- **Problem to work on**
Retype all the entries word for word, but omit the pictures.
───── Data for review ─────
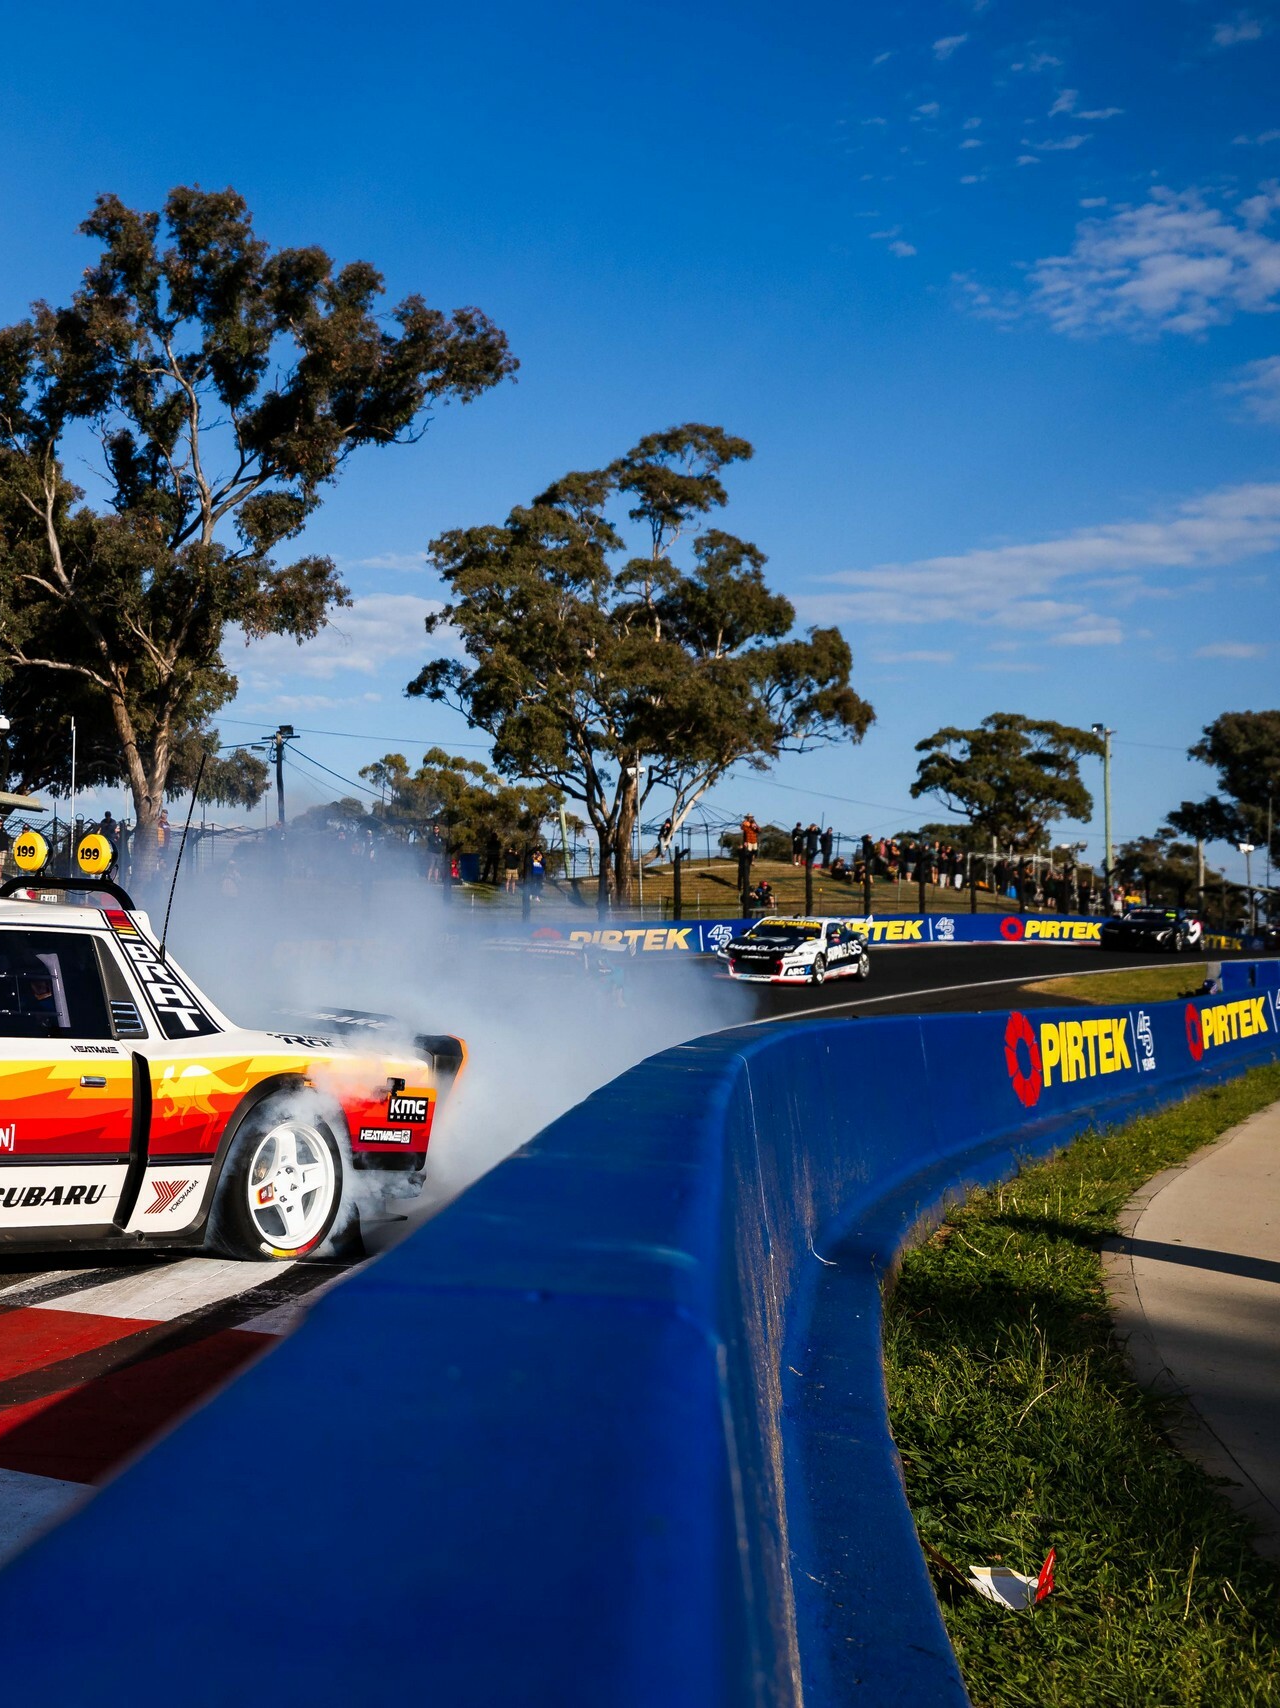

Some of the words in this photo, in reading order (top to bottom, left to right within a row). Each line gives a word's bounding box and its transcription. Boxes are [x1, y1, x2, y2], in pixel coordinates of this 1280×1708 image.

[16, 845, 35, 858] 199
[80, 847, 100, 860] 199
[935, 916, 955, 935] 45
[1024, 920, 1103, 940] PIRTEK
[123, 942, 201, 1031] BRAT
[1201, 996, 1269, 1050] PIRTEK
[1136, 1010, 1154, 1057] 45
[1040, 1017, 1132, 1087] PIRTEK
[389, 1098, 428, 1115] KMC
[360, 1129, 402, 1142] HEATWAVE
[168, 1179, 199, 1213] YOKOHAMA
─────
- **Written answer**
Some of the words in this photo, in reading order (top to bottom, left to right within a row). Each line gives a word's bounding box and its transcription. Boxes are [x1, y1, x2, y2], in pixel coordinates of this 1280×1708 image.

[16, 845, 35, 858] 199
[80, 847, 100, 860] 199
[935, 916, 955, 935] 45
[1024, 920, 1103, 940] PIRTEK
[123, 942, 201, 1031] BRAT
[1201, 996, 1269, 1050] PIRTEK
[1136, 1010, 1154, 1057] 45
[1040, 1017, 1132, 1087] PIRTEK
[389, 1098, 428, 1115] KMC
[360, 1129, 402, 1142] HEATWAVE
[168, 1179, 199, 1213] YOKOHAMA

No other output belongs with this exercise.